Excerpts from a dataset
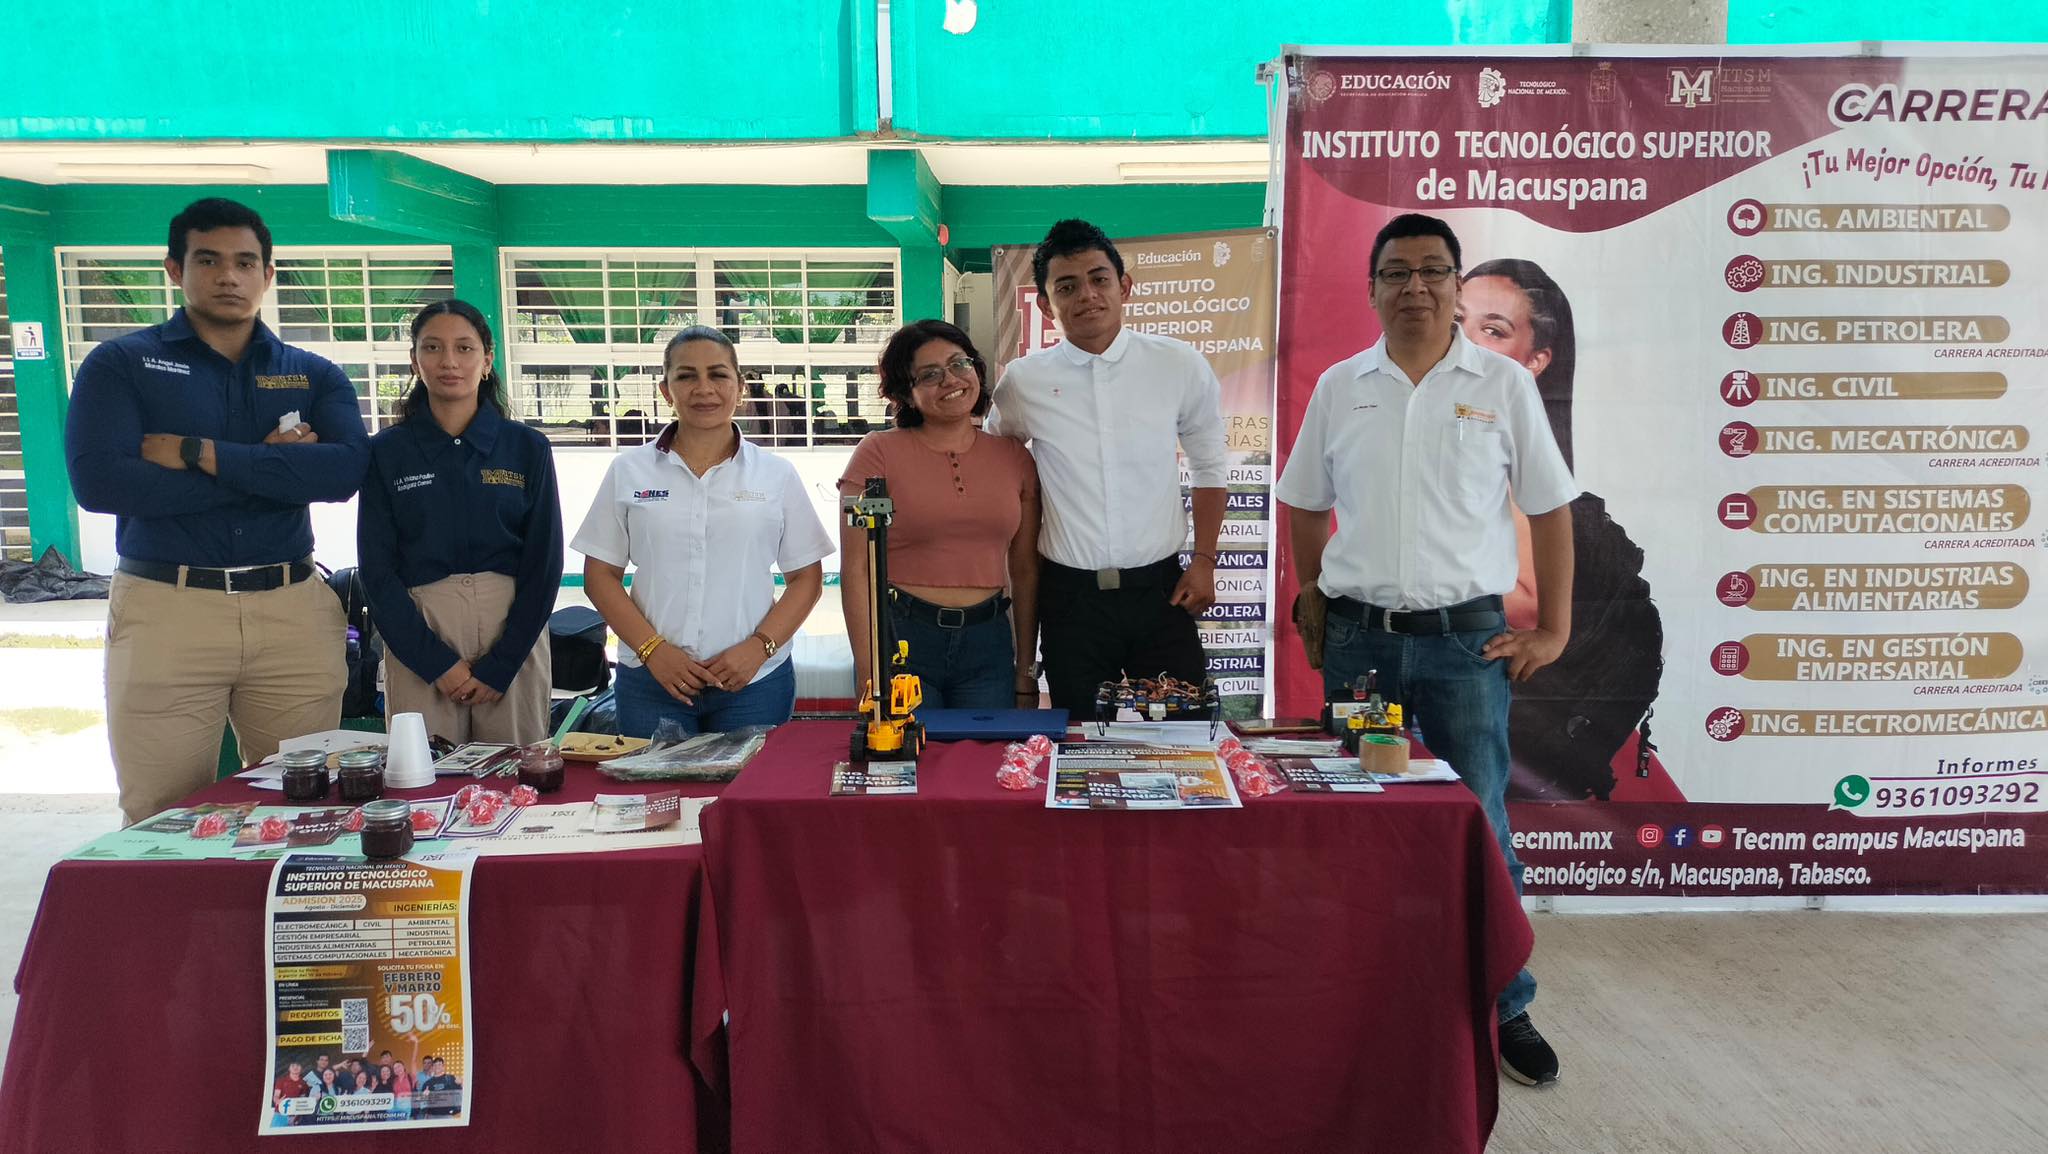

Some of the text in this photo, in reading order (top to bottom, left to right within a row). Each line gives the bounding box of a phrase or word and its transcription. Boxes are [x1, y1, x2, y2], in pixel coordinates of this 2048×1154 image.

[1341, 71, 1452, 90] EDUCACIÓN
[1302, 124, 1772, 160] INSTITUTO TECNOLÓGICO SUPERIOR
[1802, 149, 1839, 189] ¡Tu
[1846, 147, 1910, 182] Mejor
[1915, 152, 1997, 191] Opción,
[2009, 162, 2038, 189] Tu
[1416, 168, 1648, 210] de Macuspana
[1774, 207, 1988, 229] ING. AMBIENTAL
[1137, 249, 1201, 266] Educación
[1771, 264, 1990, 285] ING. INDUSTRIAL
[1130, 278, 1216, 297] NSTITUTO
[1122, 296, 1250, 317] TECNOLÓGICO
[1769, 320, 1982, 342] ING. PETROLERA
[1934, 348, 1983, 358] CARRERA
[1766, 377, 1899, 398] ING. CIVIL
[1765, 425, 2018, 451] ING. MECATRÓNICA
[1928, 457, 2040, 468] CARRERA ACREDITADA
[1777, 488, 2004, 510] ING. EN SISTEMAS
[1764, 512, 2014, 533] COMPUTACIONALES
[1924, 538, 2035, 550] CARRERA ACREDITADA
[1760, 566, 2014, 588] ING. EN INDUSTRIAS
[1792, 590, 1980, 611] ALIMENTARIAS
[1777, 633, 1988, 658] ING. EN GESTIÓN
[1797, 661, 1969, 681] EMPRESARIAL
[1222, 680, 1260, 692] CIVIL
[1913, 685, 1959, 695] CARRERA
[1962, 683, 2023, 694] ACREDITADA
[1751, 707, 2047, 733] ING. ELECTROMECÁNICA
[1937, 757, 2038, 775] Informes
[1876, 781, 2040, 809] 9361093292
[1732, 827, 1806, 851] Tecnm
[1813, 829, 1898, 855] campus
[1904, 826, 2026, 853] Macuspana
[286, 869, 428, 882] INSTITUTO TECNOLÓGICO
[1522, 860, 1871, 891] ecnológico s/n, Macuspana, Tabasco.
[284, 879, 435, 892] SUPERIOR DE MACUSPANA
[339, 895, 363, 904] 2025
[393, 902, 457, 912] INGENIERÍAS:
[276, 922, 348, 930] ELECTROMECÁNICA
[276, 933, 308, 941] GESTIÓN
[276, 949, 452, 961] SISTEMAS COMPUTACIONALES MECATRÓNICA
[277, 943, 321, 951] INDUSTRIAS
[384, 971, 441, 982] FEBRERO
[385, 984, 393, 993] Y
[397, 982, 441, 992] MARZO
[290, 1011, 339, 1019] REQUISITOS
[280, 1033, 342, 1043] PAGO DE FICHA
[340, 1097, 391, 1107] 9361093292

**WHAT IS REQUIRED**
Restate all entries exactly; pictures stay out.

**ANSWER TO THIS PROBLEM**
Some of the text in this photo, in reading order (top to bottom, left to right within a row). Each line gives the bounding box of a phrase or word and its transcription. Boxes are [x1, y1, x2, y2], in pixel coordinates of this 2048×1154 image.

[1341, 71, 1452, 90] EDUCACIÓN
[1302, 124, 1772, 160] INSTITUTO TECNOLÓGICO SUPERIOR
[1802, 149, 1839, 189] ¡Tu
[1846, 147, 1910, 182] Mejor
[1915, 152, 1997, 191] Opción,
[2009, 162, 2038, 189] Tu
[1416, 168, 1648, 210] de Macuspana
[1774, 207, 1988, 229] ING. AMBIENTAL
[1137, 249, 1201, 266] Educación
[1771, 264, 1990, 285] ING. INDUSTRIAL
[1130, 278, 1216, 297] NSTITUTO
[1122, 296, 1250, 317] TECNOLÓGICO
[1769, 320, 1982, 342] ING. PETROLERA
[1934, 348, 1983, 358] CARRERA
[1766, 377, 1899, 398] ING. CIVIL
[1765, 425, 2018, 451] ING. MECATRÓNICA
[1928, 457, 2040, 468] CARRERA ACREDITADA
[1777, 488, 2004, 510] ING. EN SISTEMAS
[1764, 512, 2014, 533] COMPUTACIONALES
[1924, 538, 2035, 550] CARRERA ACREDITADA
[1760, 566, 2014, 588] ING. EN INDUSTRIAS
[1792, 590, 1980, 611] ALIMENTARIAS
[1777, 633, 1988, 658] ING. EN GESTIÓN
[1797, 661, 1969, 681] EMPRESARIAL
[1222, 680, 1260, 692] CIVIL
[1913, 685, 1959, 695] CARRERA
[1962, 683, 2023, 694] ACREDITADA
[1751, 707, 2047, 733] ING. ELECTROMECÁNICA
[1937, 757, 2038, 775] Informes
[1876, 781, 2040, 809] 9361093292
[1732, 827, 1806, 851] Tecnm
[1813, 829, 1898, 855] campus
[1904, 826, 2026, 853] Macuspana
[286, 869, 428, 882] INSTITUTO TECNOLÓGICO
[1522, 860, 1871, 891] ecnológico s/n, Macuspana, Tabasco.
[284, 879, 435, 892] SUPERIOR DE MACUSPANA
[339, 895, 363, 904] 2025
[393, 902, 457, 912] INGENIERÍAS:
[276, 922, 348, 930] ELECTROMECÁNICA
[276, 933, 308, 941] GESTIÓN
[276, 949, 452, 961] SISTEMAS COMPUTACIONALES MECATRÓNICA
[277, 943, 321, 951] INDUSTRIAS
[384, 971, 441, 982] FEBRERO
[385, 984, 393, 993] Y
[397, 982, 441, 992] MARZO
[290, 1011, 339, 1019] REQUISITOS
[280, 1033, 342, 1043] PAGO DE FICHA
[340, 1097, 391, 1107] 9361093292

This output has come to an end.